▶ **Work to be completed**
Provide the records once more, identical to the original.

═══ Records to use

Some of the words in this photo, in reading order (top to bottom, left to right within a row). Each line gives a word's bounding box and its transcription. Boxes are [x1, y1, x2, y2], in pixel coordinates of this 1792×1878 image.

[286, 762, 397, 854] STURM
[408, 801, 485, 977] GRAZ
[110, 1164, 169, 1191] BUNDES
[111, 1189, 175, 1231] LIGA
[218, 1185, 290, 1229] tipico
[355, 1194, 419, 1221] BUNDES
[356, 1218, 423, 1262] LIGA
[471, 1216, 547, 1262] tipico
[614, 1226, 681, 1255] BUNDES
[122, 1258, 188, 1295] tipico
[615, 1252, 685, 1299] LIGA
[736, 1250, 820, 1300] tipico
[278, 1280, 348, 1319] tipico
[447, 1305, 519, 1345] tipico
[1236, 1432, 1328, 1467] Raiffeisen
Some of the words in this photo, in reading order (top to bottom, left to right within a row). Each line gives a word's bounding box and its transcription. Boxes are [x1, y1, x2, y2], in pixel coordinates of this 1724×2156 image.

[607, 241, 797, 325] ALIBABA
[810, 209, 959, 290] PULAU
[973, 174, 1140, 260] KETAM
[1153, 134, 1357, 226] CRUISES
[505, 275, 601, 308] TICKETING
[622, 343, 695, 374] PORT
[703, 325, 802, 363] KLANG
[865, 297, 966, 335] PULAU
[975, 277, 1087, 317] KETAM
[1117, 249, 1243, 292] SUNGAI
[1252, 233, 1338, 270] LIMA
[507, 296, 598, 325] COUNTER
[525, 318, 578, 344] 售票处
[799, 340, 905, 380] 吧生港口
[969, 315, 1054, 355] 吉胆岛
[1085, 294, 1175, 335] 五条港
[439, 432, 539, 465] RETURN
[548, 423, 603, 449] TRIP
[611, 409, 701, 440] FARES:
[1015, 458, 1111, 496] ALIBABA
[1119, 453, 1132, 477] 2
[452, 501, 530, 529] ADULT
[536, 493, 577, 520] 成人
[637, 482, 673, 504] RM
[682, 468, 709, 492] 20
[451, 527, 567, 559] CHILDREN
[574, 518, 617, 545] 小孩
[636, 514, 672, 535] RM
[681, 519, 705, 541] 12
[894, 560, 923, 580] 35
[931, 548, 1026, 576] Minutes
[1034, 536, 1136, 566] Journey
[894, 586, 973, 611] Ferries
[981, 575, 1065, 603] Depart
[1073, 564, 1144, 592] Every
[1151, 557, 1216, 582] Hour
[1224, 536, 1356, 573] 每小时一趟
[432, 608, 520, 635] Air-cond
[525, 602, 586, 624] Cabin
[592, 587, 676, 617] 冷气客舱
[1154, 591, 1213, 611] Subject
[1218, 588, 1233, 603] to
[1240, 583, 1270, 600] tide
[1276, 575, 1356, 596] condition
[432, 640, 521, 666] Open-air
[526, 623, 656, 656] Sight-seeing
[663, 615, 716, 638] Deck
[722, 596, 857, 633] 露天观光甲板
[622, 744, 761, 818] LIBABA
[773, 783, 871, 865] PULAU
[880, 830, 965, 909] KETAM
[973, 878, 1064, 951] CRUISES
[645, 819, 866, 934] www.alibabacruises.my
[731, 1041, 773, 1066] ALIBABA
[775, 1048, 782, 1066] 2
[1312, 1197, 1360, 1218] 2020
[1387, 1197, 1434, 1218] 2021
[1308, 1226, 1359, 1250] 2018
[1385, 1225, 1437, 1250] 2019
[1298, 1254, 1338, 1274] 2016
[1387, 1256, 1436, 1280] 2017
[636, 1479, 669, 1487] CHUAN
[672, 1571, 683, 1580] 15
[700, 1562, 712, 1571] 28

══════

▶ **Written reply**
Some of the words in this photo, in reading order (top to bottom, left to right within a row). Each line gives a word's bounding box and its transcription. Boxes are [x1, y1, x2, y2], in pixel coordinates of this 1792×1878 image.

[286, 762, 397, 854] STURM
[408, 801, 485, 977] GRAZ
[110, 1164, 169, 1191] BUNDES
[111, 1189, 175, 1231] LIGA
[218, 1185, 290, 1229] tipico
[355, 1194, 419, 1221] BUNDES
[356, 1218, 423, 1262] LIGA
[471, 1216, 547, 1262] tipico
[614, 1226, 681, 1255] BUNDES
[122, 1258, 188, 1295] tipico
[615, 1252, 685, 1299] LIGA
[736, 1250, 820, 1300] tipico
[278, 1280, 348, 1319] tipico
[447, 1305, 519, 1345] tipico
[1236, 1432, 1328, 1467] Raiffeisen
Some of the words in this photo, in reading order (top to bottom, left to right within a row). Each line gives a word's bounding box and its transcription. Boxes are [x1, y1, x2, y2], in pixel coordinates of this 1724×2156 image.

[607, 241, 797, 325] ALIBABA
[810, 209, 959, 290] PULAU
[973, 174, 1140, 260] KETAM
[1153, 134, 1357, 226] CRUISES
[505, 275, 601, 308] TICKETING
[622, 343, 695, 374] PORT
[703, 325, 802, 363] KLANG
[865, 297, 966, 335] PULAU
[975, 277, 1087, 317] KETAM
[1117, 249, 1243, 292] SUNGAI
[1252, 233, 1338, 270] LIMA
[507, 296, 598, 325] COUNTER
[525, 318, 578, 344] 售票处
[799, 340, 905, 380] 吧生港口
[969, 315, 1054, 355] 吉胆岛
[1085, 294, 1175, 335] 五条港
[439, 432, 539, 465] RETURN
[548, 423, 603, 449] TRIP
[611, 409, 701, 440] FARES:
[1015, 458, 1111, 496] ALIBABA
[1119, 453, 1132, 477] 2
[452, 501, 530, 529] ADULT
[536, 493, 577, 520] 成人
[637, 482, 673, 504] RM
[682, 468, 709, 492] 20
[451, 527, 567, 559] CHILDREN
[574, 518, 617, 545] 小孩
[636, 514, 672, 535] RM
[681, 519, 705, 541] 12
[894, 560, 923, 580] 35
[931, 548, 1026, 576] Minutes
[1034, 536, 1136, 566] Journey
[894, 586, 973, 611] Ferries
[981, 575, 1065, 603] Depart
[1073, 564, 1144, 592] Every
[1151, 557, 1216, 582] Hour
[1224, 536, 1356, 573] 每小时一趟
[432, 608, 520, 635] Air-cond
[525, 602, 586, 624] Cabin
[592, 587, 676, 617] 冷气客舱
[1154, 591, 1213, 611] Subject
[1218, 588, 1233, 603] to
[1240, 583, 1270, 600] tide
[1276, 575, 1356, 596] condition
[432, 640, 521, 666] Open-air
[526, 623, 656, 656] Sight-seeing
[663, 615, 716, 638] Deck
[722, 596, 857, 633] 露天观光甲板
[622, 744, 761, 818] LIBABA
[773, 783, 871, 865] PULAU
[880, 830, 965, 909] KETAM
[973, 878, 1064, 951] CRUISES
[645, 819, 866, 934] www.alibabacruises.my
[731, 1041, 773, 1066] ALIBABA
[775, 1048, 782, 1066] 2
[1312, 1197, 1360, 1218] 2020
[1387, 1197, 1434, 1218] 2021
[1308, 1226, 1359, 1250] 2018
[1385, 1225, 1437, 1250] 2019
[1298, 1254, 1338, 1274] 2016
[1387, 1256, 1436, 1280] 2017
[636, 1479, 669, 1487] CHUAN
[672, 1571, 683, 1580] 15
[700, 1562, 712, 1571] 28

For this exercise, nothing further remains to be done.